STUDY MATERIAL>
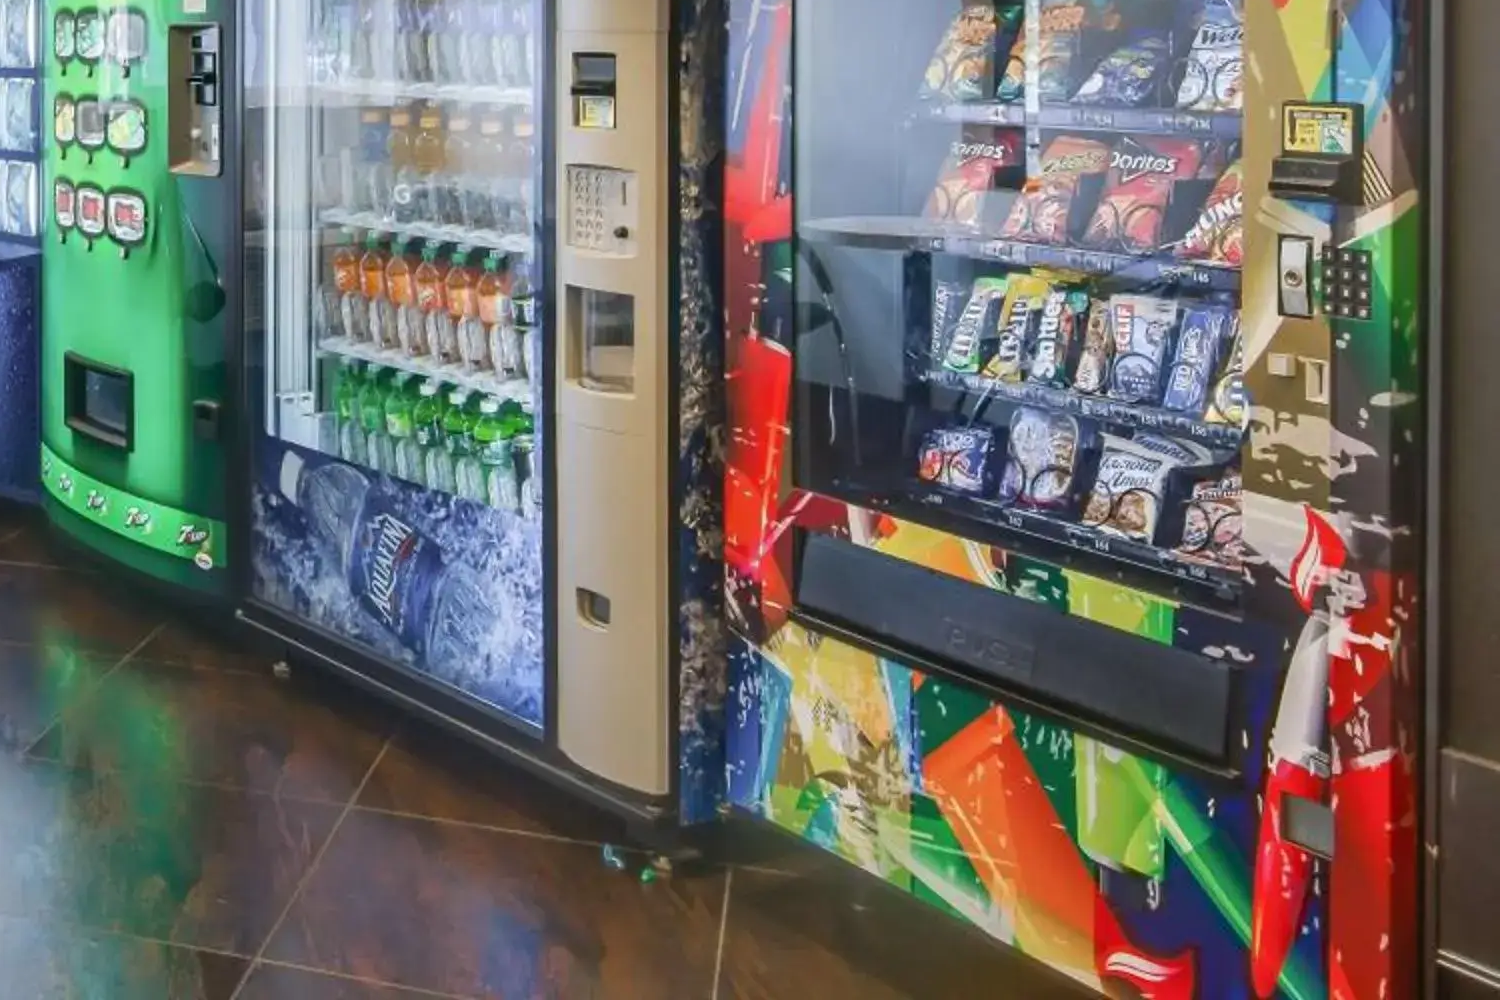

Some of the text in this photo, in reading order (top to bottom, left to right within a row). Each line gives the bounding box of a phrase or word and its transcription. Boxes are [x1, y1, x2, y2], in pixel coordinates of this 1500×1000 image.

[1110, 151, 1179, 173] Doritos
[393, 183, 411, 205] G
[176, 523, 208, 546] 7UP
[368, 514, 413, 626] AQUAFINA
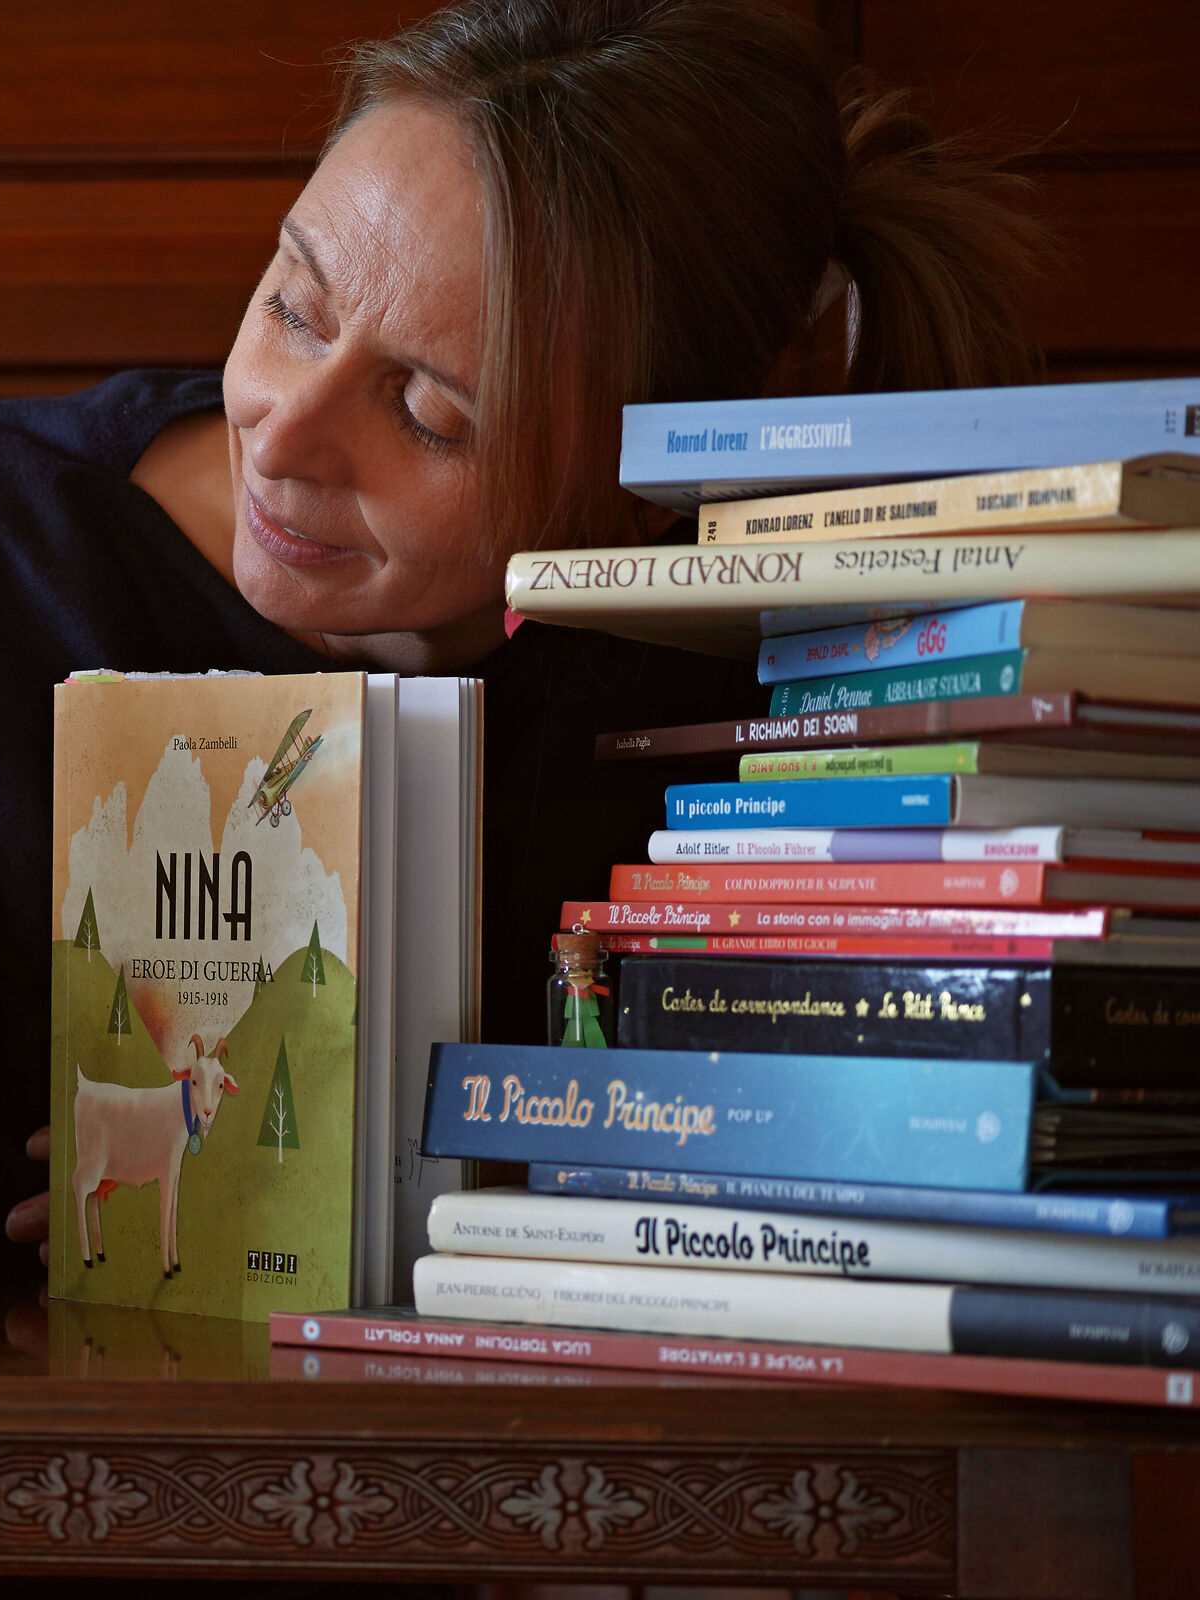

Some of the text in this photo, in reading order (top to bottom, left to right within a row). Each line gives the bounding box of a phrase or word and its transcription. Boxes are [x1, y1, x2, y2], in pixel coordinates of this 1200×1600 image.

[667, 417, 851, 453] Konrad Lorenz L'AGGRESSIVITÀ
[745, 500, 938, 535] KONRAD LORENZ L'ANELLO DI RE SALOMONE
[707, 521, 717, 541] 248
[529, 552, 804, 590] KONRAD LORENZ
[834, 545, 1025, 576] Antal Festetics
[799, 683, 835, 714] Daniel
[735, 714, 858, 743] IL RICHIAMO DEI SOGNI
[173, 736, 237, 750] Paola Zambelli
[748, 763, 774, 774] AMICI
[676, 796, 786, 819] Il piccolo Principe
[675, 842, 817, 855] Adolf Hitler Il Piccolo Führer
[155, 849, 253, 941] NINA
[644, 872, 674, 890] Piccolo
[677, 872, 711, 895] Principe
[725, 878, 757, 891] COLPO
[758, 878, 794, 891] DOPPIO
[795, 878, 815, 891] PER
[608, 905, 619, 924] Il
[621, 905, 662, 924] Piccolo
[664, 905, 711, 932] Principe
[757, 912, 770, 925] La
[773, 912, 805, 926] storia
[808, 914, 830, 926] con
[833, 913, 845, 926] le
[847, 913, 904, 930] immagini
[722, 937, 756, 949] GRANDE
[759, 938, 786, 950] LIBRO
[131, 959, 275, 982] EROE DI GUERRA
[178, 991, 228, 1005] 1915-1918
[662, 987, 846, 1024] Cartes de correspondance
[462, 1075, 774, 1146] Il Piccolo Principe POP UP
[635, 1216, 872, 1277] Il Piccolo Principe
[247, 1250, 297, 1274] TIPI
[247, 1272, 297, 1286] EDIZIONI
[364, 1328, 592, 1356] LUCA TORTOLINI ANNA FORLATI
[750, 1352, 761, 1368] E
[765, 1353, 818, 1372] VOLPE
[821, 1357, 845, 1373] LA

EXERCISE AIM>
Each line above gets copied exactly; leave the pictures out.

OUTPUT OF THE EXERCISE>
Some of the text in this photo, in reading order (top to bottom, left to right within a row). Each line gives the bounding box of a phrase or word and its transcription. Boxes are [x1, y1, x2, y2], in pixel coordinates of this 1500×1000 image.

[1110, 151, 1179, 173] Doritos
[393, 183, 411, 205] G
[176, 523, 208, 546] 7UP
[368, 514, 413, 626] AQUAFINA

Some of the text in this photo, in reading order (top to bottom, left to right within a row). Each line gives the bounding box of a phrase or word and its transcription. Boxes are [x1, y1, x2, y2], in pixel coordinates of this 1200×1600 image.

[667, 417, 851, 453] Konrad Lorenz L'AGGRESSIVITÀ
[745, 500, 938, 535] KONRAD LORENZ L'ANELLO DI RE SALOMONE
[707, 521, 717, 541] 248
[529, 552, 804, 590] KONRAD LORENZ
[834, 545, 1025, 576] Antal Festetics
[799, 683, 835, 714] Daniel
[735, 714, 858, 743] IL RICHIAMO DEI SOGNI
[173, 736, 237, 750] Paola Zambelli
[748, 763, 774, 774] AMICI
[676, 796, 786, 819] Il piccolo Principe
[675, 842, 817, 855] Adolf Hitler Il Piccolo Führer
[155, 849, 253, 941] NINA
[644, 872, 674, 890] Piccolo
[677, 872, 711, 895] Principe
[725, 878, 757, 891] COLPO
[758, 878, 794, 891] DOPPIO
[795, 878, 815, 891] PER
[608, 905, 619, 924] Il
[621, 905, 662, 924] Piccolo
[664, 905, 711, 932] Principe
[757, 912, 770, 925] La
[773, 912, 805, 926] storia
[808, 914, 830, 926] con
[833, 913, 845, 926] le
[847, 913, 904, 930] immagini
[722, 937, 756, 949] GRANDE
[759, 938, 786, 950] LIBRO
[131, 959, 275, 982] EROE DI GUERRA
[178, 991, 228, 1005] 1915-1918
[662, 987, 846, 1024] Cartes de correspondance
[462, 1075, 774, 1146] Il Piccolo Principe POP UP
[635, 1216, 872, 1277] Il Piccolo Principe
[247, 1250, 297, 1274] TIPI
[247, 1272, 297, 1286] EDIZIONI
[364, 1328, 592, 1356] LUCA TORTOLINI ANNA FORLATI
[750, 1352, 761, 1368] E
[765, 1353, 818, 1372] VOLPE
[821, 1357, 845, 1373] LA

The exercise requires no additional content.